In less than a minute Mauss heard a man’s
voice. “James Nelson here, Admiral Mauss. What do you want us to do?” He
obviously was aware of the Krall presence.

“I recommend you start an emergency evacuation
as quickly as possible. Has the Gauntlet and the other ships with wounded off
loaded their patients?”

“Yes Mam. There are numerous shuttles here for
them already. Should we use those to take them down now?”

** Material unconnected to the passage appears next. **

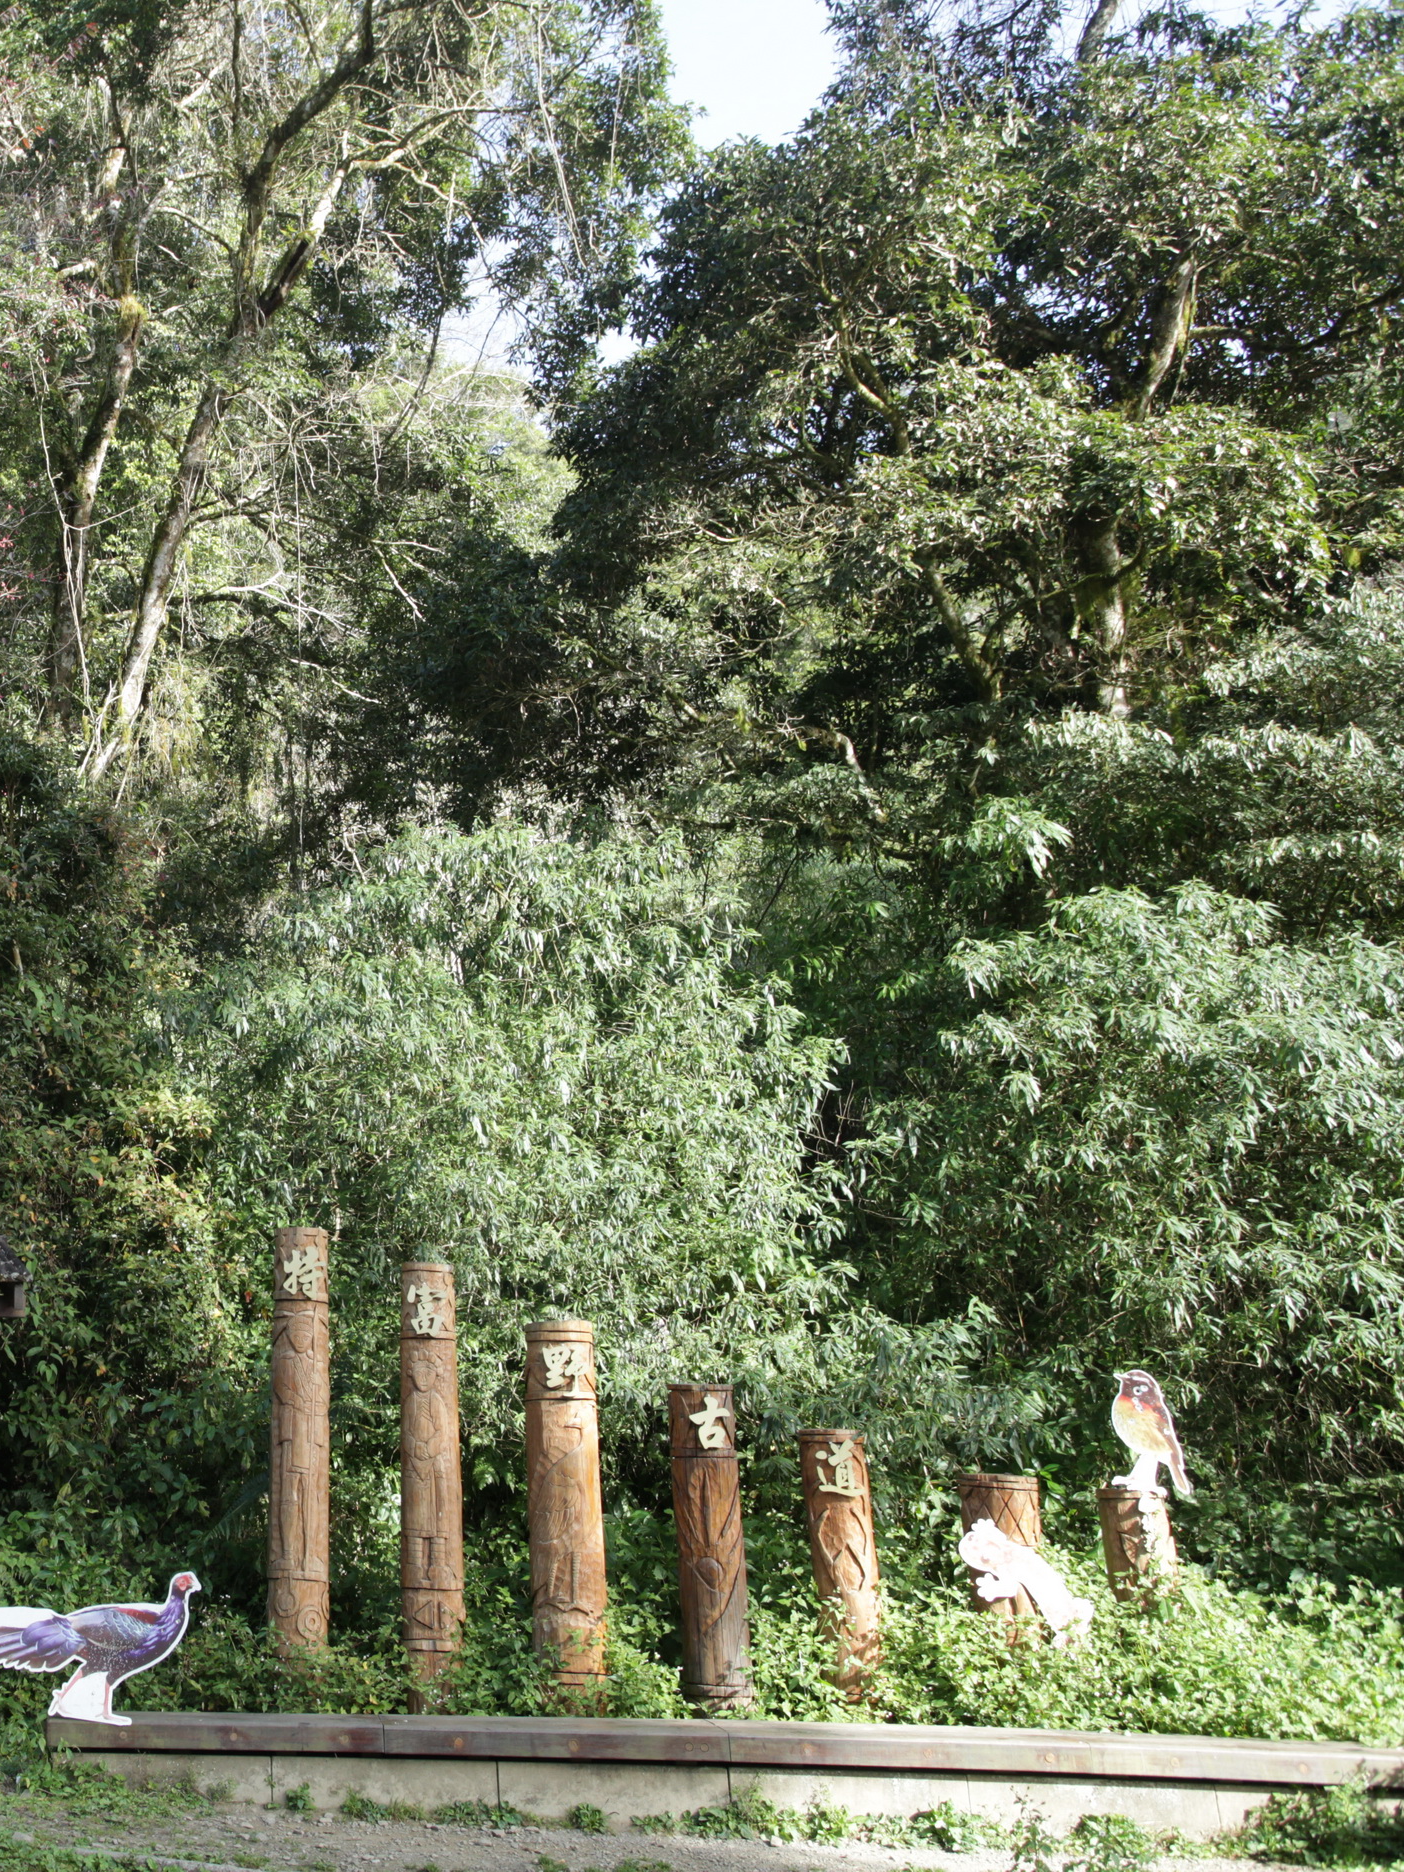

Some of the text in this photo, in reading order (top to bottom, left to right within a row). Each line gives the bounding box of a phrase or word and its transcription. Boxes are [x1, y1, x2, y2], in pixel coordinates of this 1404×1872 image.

[283, 1246, 866, 1497] 特 富 野 古 道

“Gentle Sir, I suggest you pack those shuttles
with as many bodies each of them can hold as quickly as possible and get them
away from the station. Then get every shuttle you can find and direct them to
dock there to take people away with maximum speed. You have escape pods, so
fill them
right
now, and wait to see if you need them. I believe the
Krall may destroy the station.”

He sounded puzzled. “The whole fleet is here.
Can’t you stop only four of them?”

“Sir, not what’s coming your way. We just
fought three of these weapons at K1, and they are apparently unstoppable. Get
your people out now, no delay. I’ll see that you have as much warning as
possible if we see they have you targeted. I have other calls to make, good
luck. Admiral Mauss out.”

“Josie, instruct all of the ships at the
repair docks to get away from them. I expect them to be targeted.”

“The Captains of each of them have all
confirmed that they are recalling crews. They will cast off as soon as they
have them recovered.”

“Tell them that Admiral Mauss orders them to
button up and leave immediately if an Eight Ball has the docks targeted. Losing
the ships along with the docks and some of their crew members will not help our
war effort.”

“Eight Ball White Out, south of the system.”
Broke in Josie. “Course altering towards the main transfer station.”

“Tell Nelson, and warn our ships docked there.
They need to get away. How much time?”

“The Eight Ball emerged a hundred fifty
thousand miles from Rhama, and is accelerating. It should arrive in just over
ninety seconds. It is adjusting course for a direct hit.”

“Damn. Link me to Captain Caruthers, on
Gauntlet.” She knew it was too late.

“Ready, Mam.”

“Captain Caruthers, Mauss here. Do you see the
ball?”

“We do. I can’t get my people off, and from a
near stop I probably can’t get clear in time. Plasma isn’t ready, not that it
does any good. It was a good fight and I feel honored to have served and fought
with you Admiral. Goodbye and good luck. I’m going out to meet the enemy.”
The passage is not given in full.